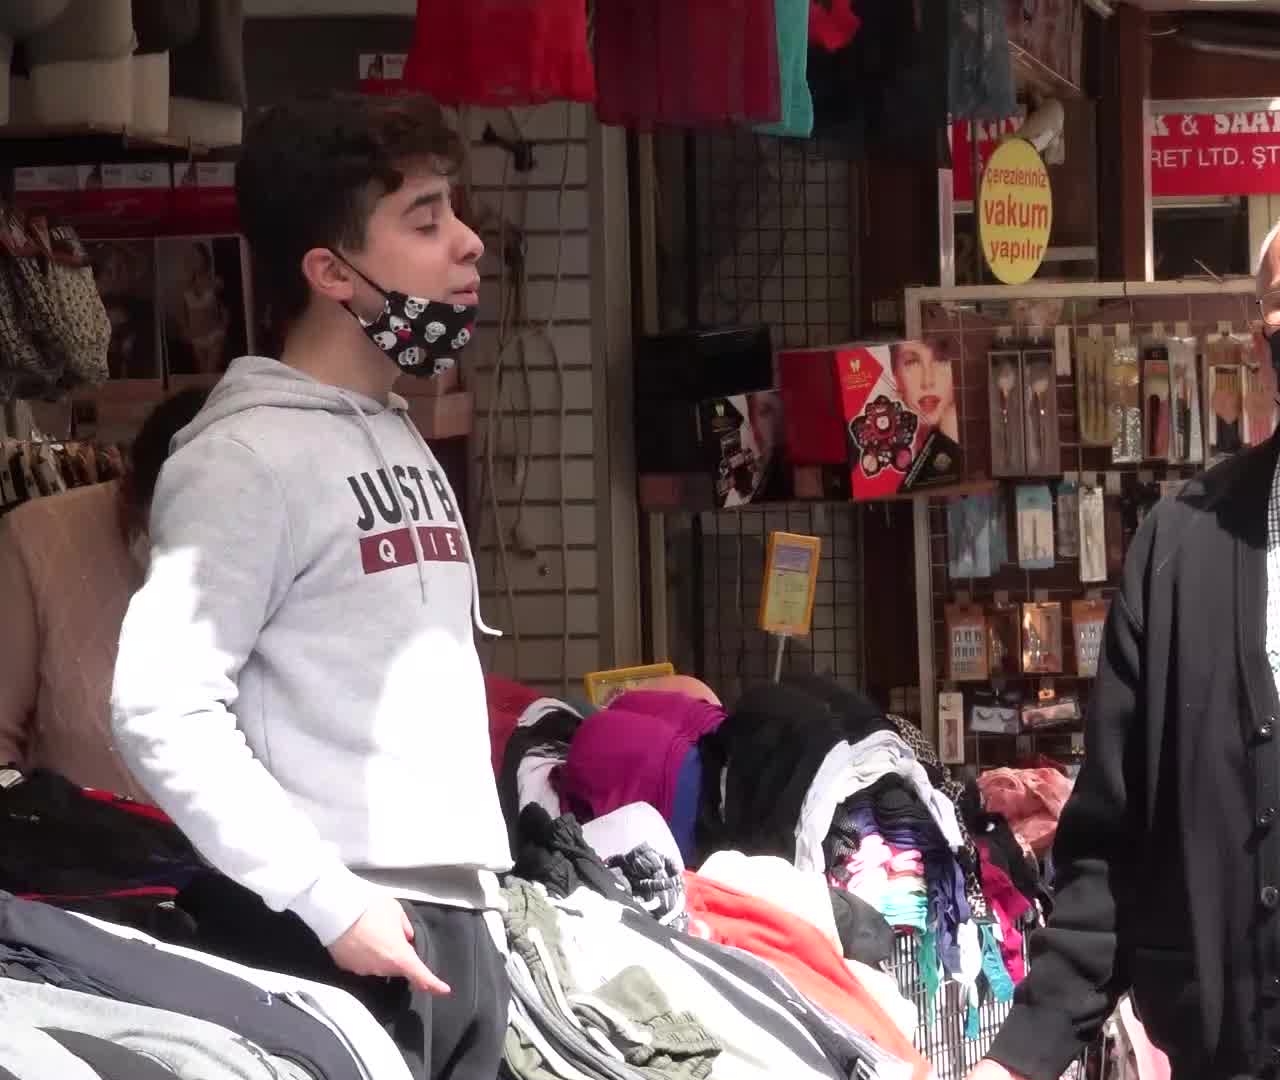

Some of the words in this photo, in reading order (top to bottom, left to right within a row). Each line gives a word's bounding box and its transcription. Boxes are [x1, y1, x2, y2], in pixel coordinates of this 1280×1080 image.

[1181, 114, 1199, 135] &
[1199, 147, 1245, 167] LTD.
[984, 194, 1048, 229] vakum
[990, 238, 1044, 262] yapılır
[347, 465, 434, 531] JUST
[378, 532, 466, 563] QIE
◆ ◆ ◆
To do:
Each entry above should be given again exactly, with its pictures omitted.

Exercise response:
Some of the words in this photo, in reading order (top to bottom, left to right within a row). Each line gives a word's bounding box and its transcription. Boxes are [x1, y1, x2, y2], in pixel coordinates of this 1280×1080 image.

[1181, 114, 1199, 135] &
[1199, 147, 1245, 167] LTD.
[984, 194, 1048, 229] vakum
[990, 238, 1044, 262] yapılır
[347, 465, 434, 531] JUST
[378, 532, 466, 563] QIE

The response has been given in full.